## Problem to solve
The lines below must be transcribed exactly as given, with the images removed.
#####
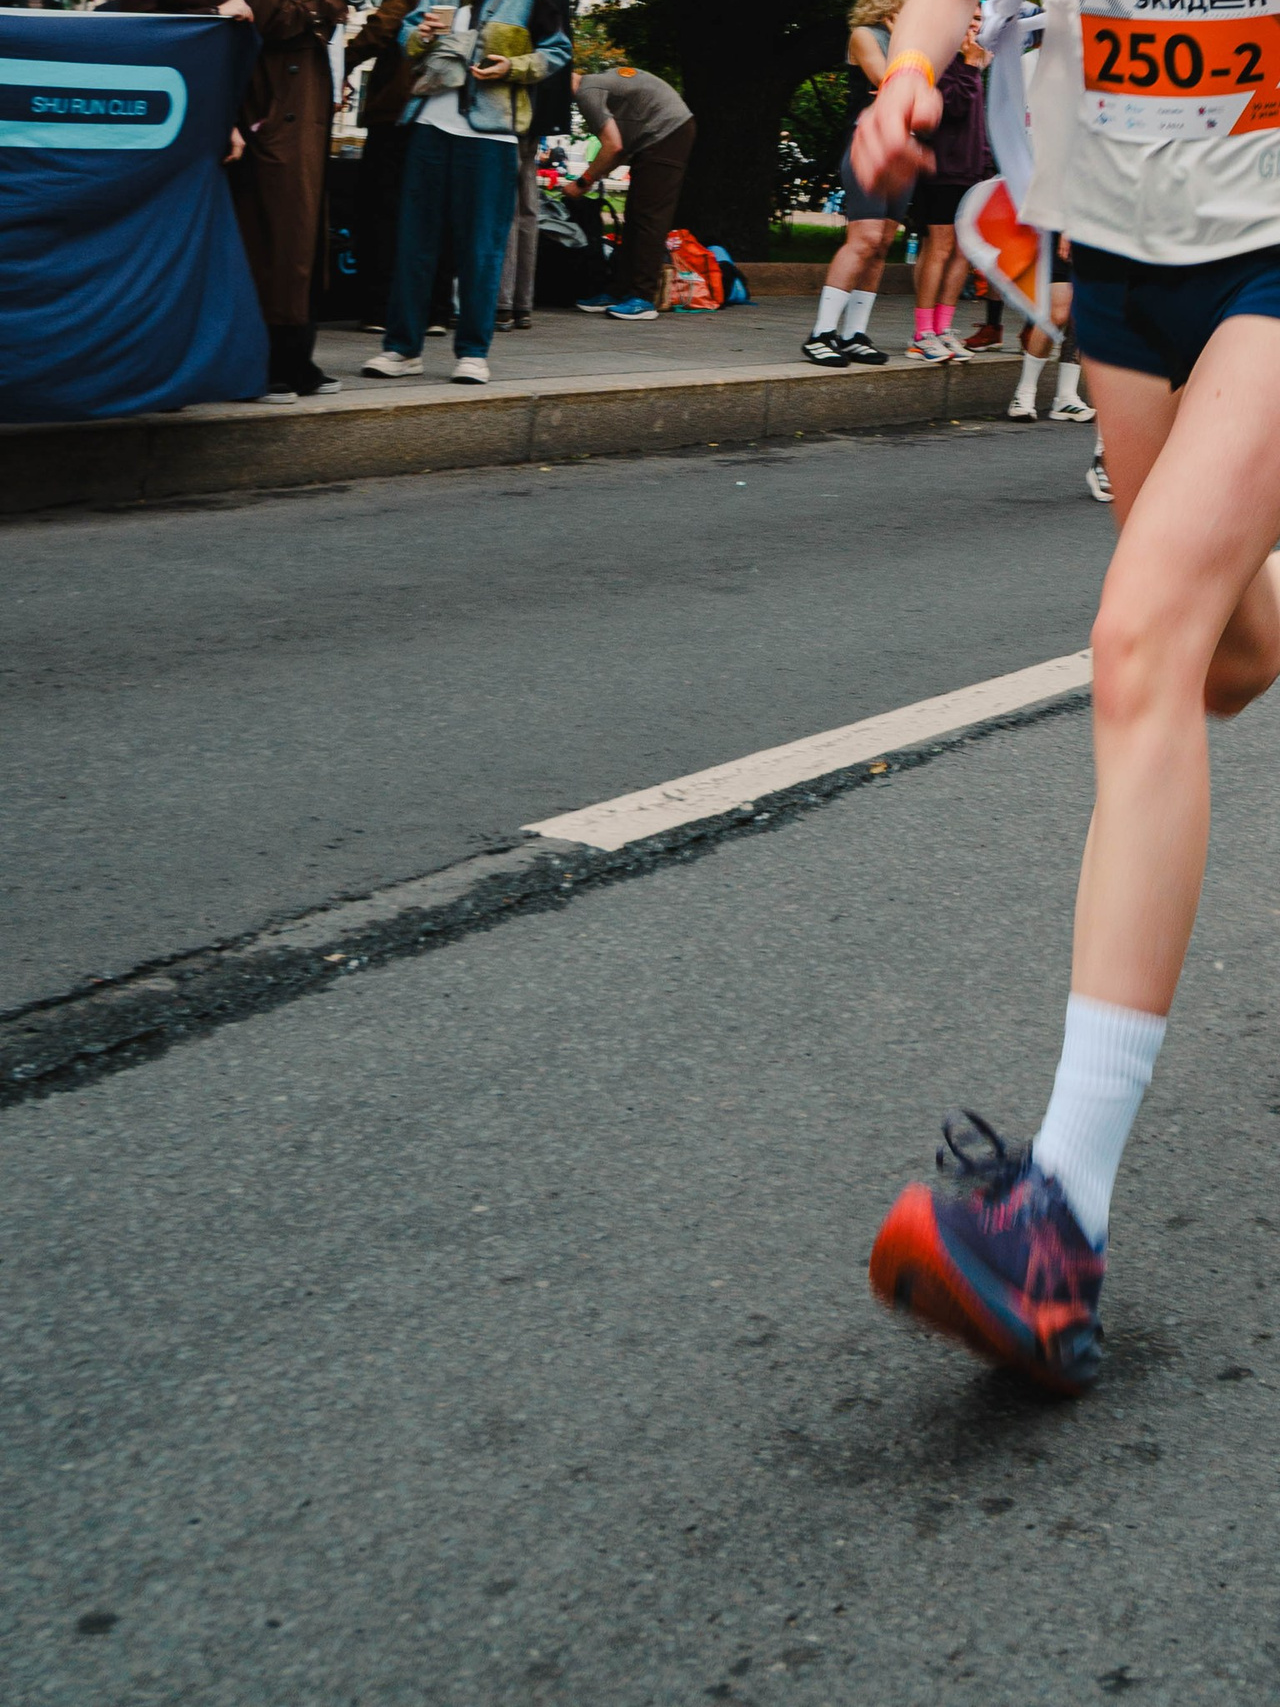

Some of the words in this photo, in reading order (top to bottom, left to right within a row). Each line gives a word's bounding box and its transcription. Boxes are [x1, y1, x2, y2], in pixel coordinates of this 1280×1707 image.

[1094, 29, 1265, 89] 250-2
[31, 96, 68, 114] SHU
[71, 98, 105, 115] RUN
[108, 99, 148, 116] CLUB
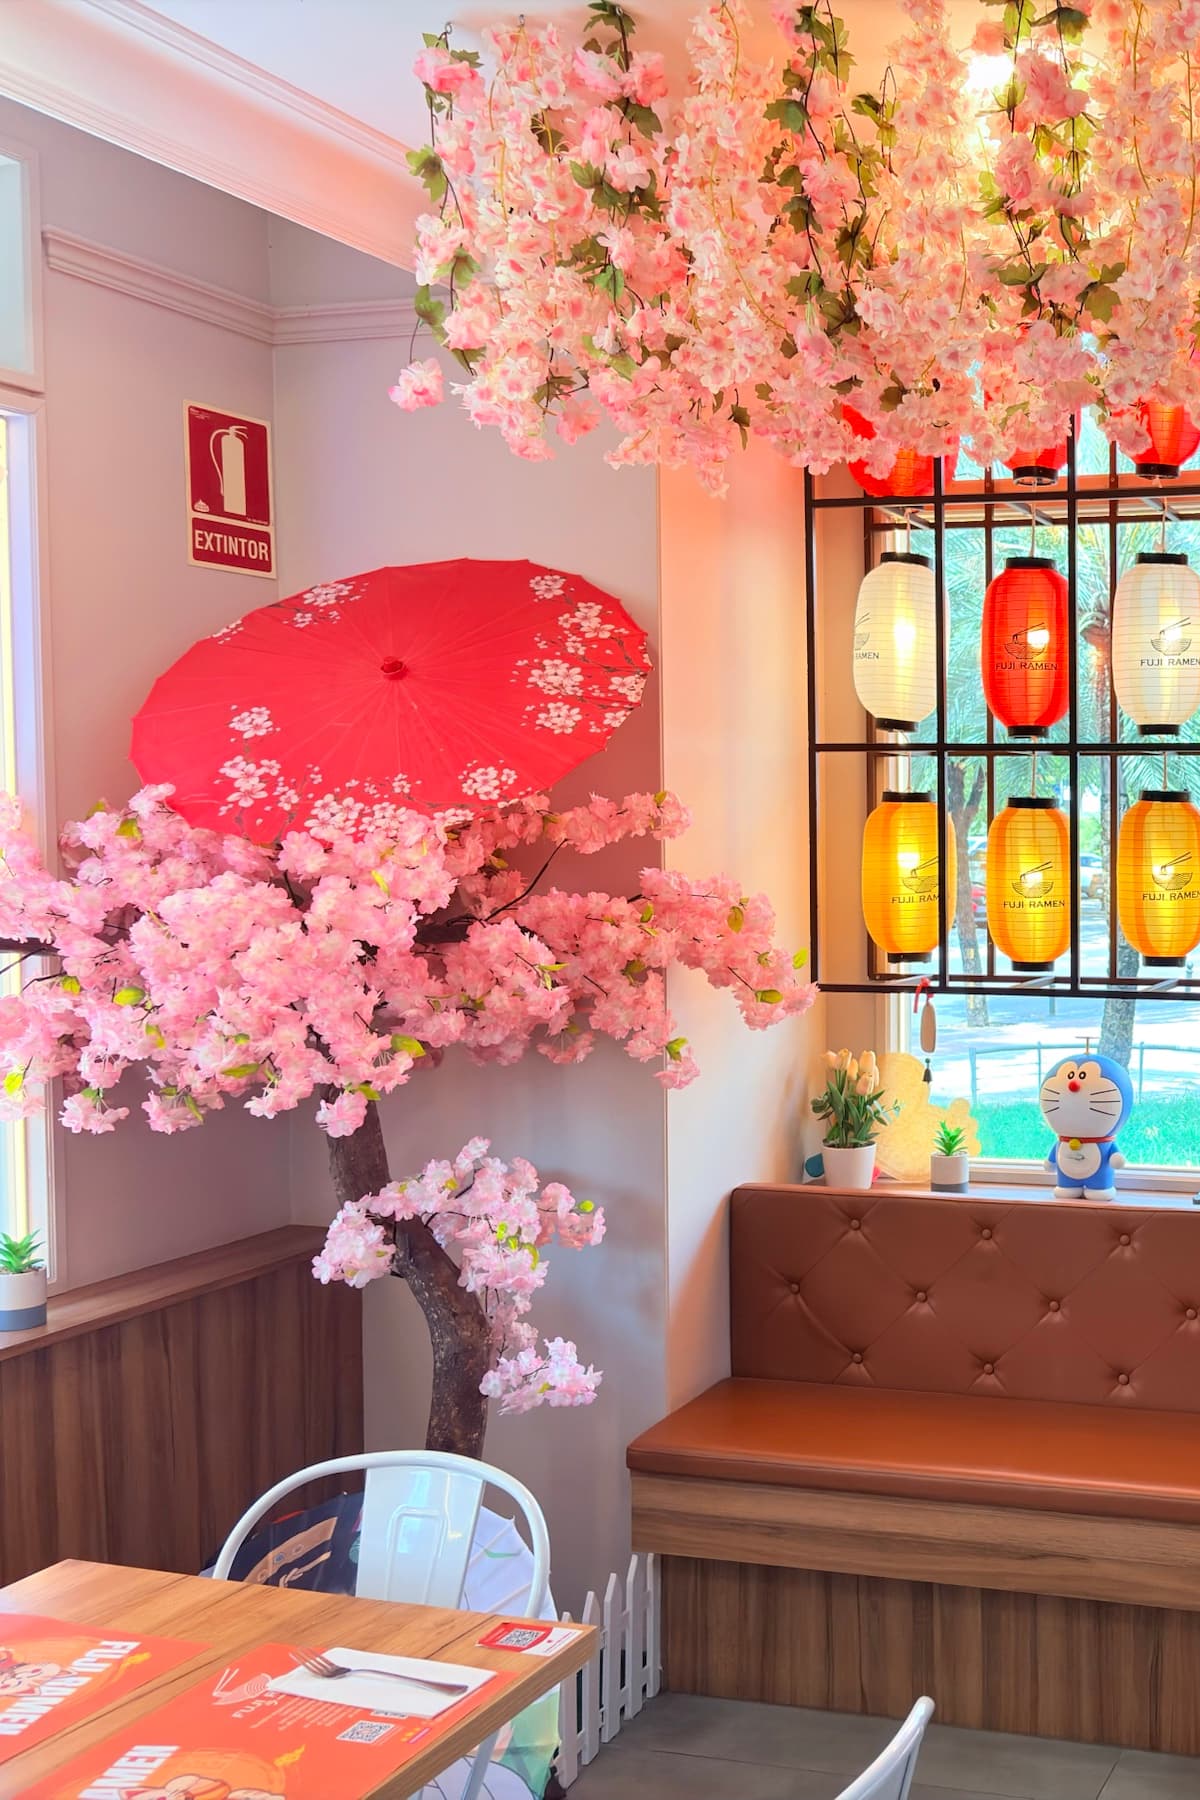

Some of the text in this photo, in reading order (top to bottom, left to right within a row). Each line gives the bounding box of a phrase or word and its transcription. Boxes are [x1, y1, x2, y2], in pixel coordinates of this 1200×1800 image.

[194, 529, 269, 562] EXTINTOR
[995, 661, 1058, 671] FUJI RAMEN
[1140, 657, 1200, 667] FUJI RAMEN
[891, 893, 939, 904] FUJI RAM
[1142, 892, 1165, 902] FUJI
[1003, 899, 1065, 909] FUJI RAMEN
[70, 1640, 142, 1673] FUJI
[77, 1745, 181, 1800] AMEN
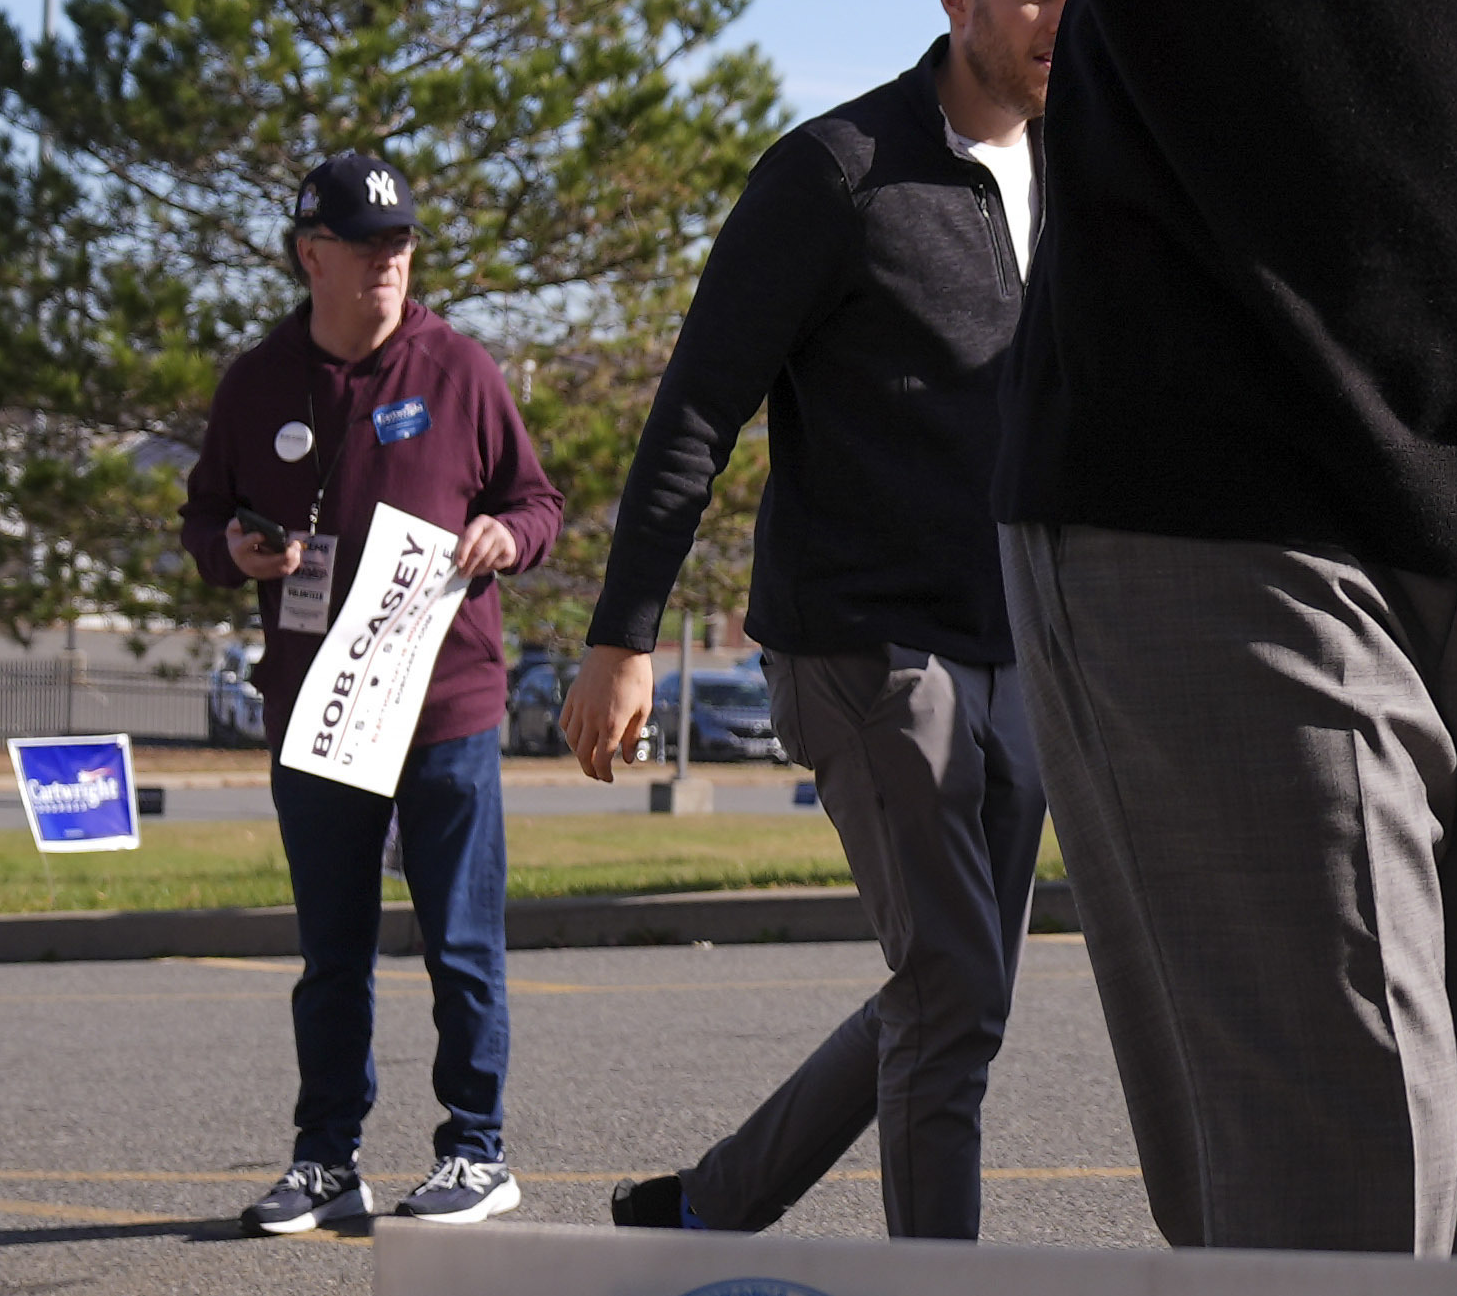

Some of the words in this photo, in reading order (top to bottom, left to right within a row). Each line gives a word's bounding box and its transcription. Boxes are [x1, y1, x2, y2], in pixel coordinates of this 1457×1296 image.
#####
## Answer space
Some of the words in this photo, in reading order (top to bottom, left to right within a row). Each line gives a word's bounding box and its transcription. Boxes are [x1, y1, x2, y2], in pixel coordinates of this 1280×1707 image.

[1094, 29, 1265, 89] 250-2
[31, 96, 68, 114] SHU
[71, 98, 105, 115] RUN
[108, 99, 148, 116] CLUB

Some of the text in this photo, in reading order (top to bottom, left to right within a row). Each line gives the bounding box of a phrase or word and its transcription. Boxes are [x1, y1, x2, y2], in pixel coordinates of this 1200×1800 image.

[194, 529, 269, 562] EXTINTOR
[995, 661, 1058, 671] FUJI RAMEN
[1140, 657, 1200, 667] FUJI RAMEN
[891, 893, 939, 904] FUJI RAM
[1142, 892, 1165, 902] FUJI
[1003, 899, 1065, 909] FUJI RAMEN
[70, 1640, 142, 1673] FUJI
[77, 1745, 181, 1800] AMEN

Some of the words in this photo, in reading order (top to bottom, left to right within a row). Each line gives a word's bounding box and its transcription. Boxes are [x1, y1, x2, y2], in pixel coordinates of this 1457×1296 image.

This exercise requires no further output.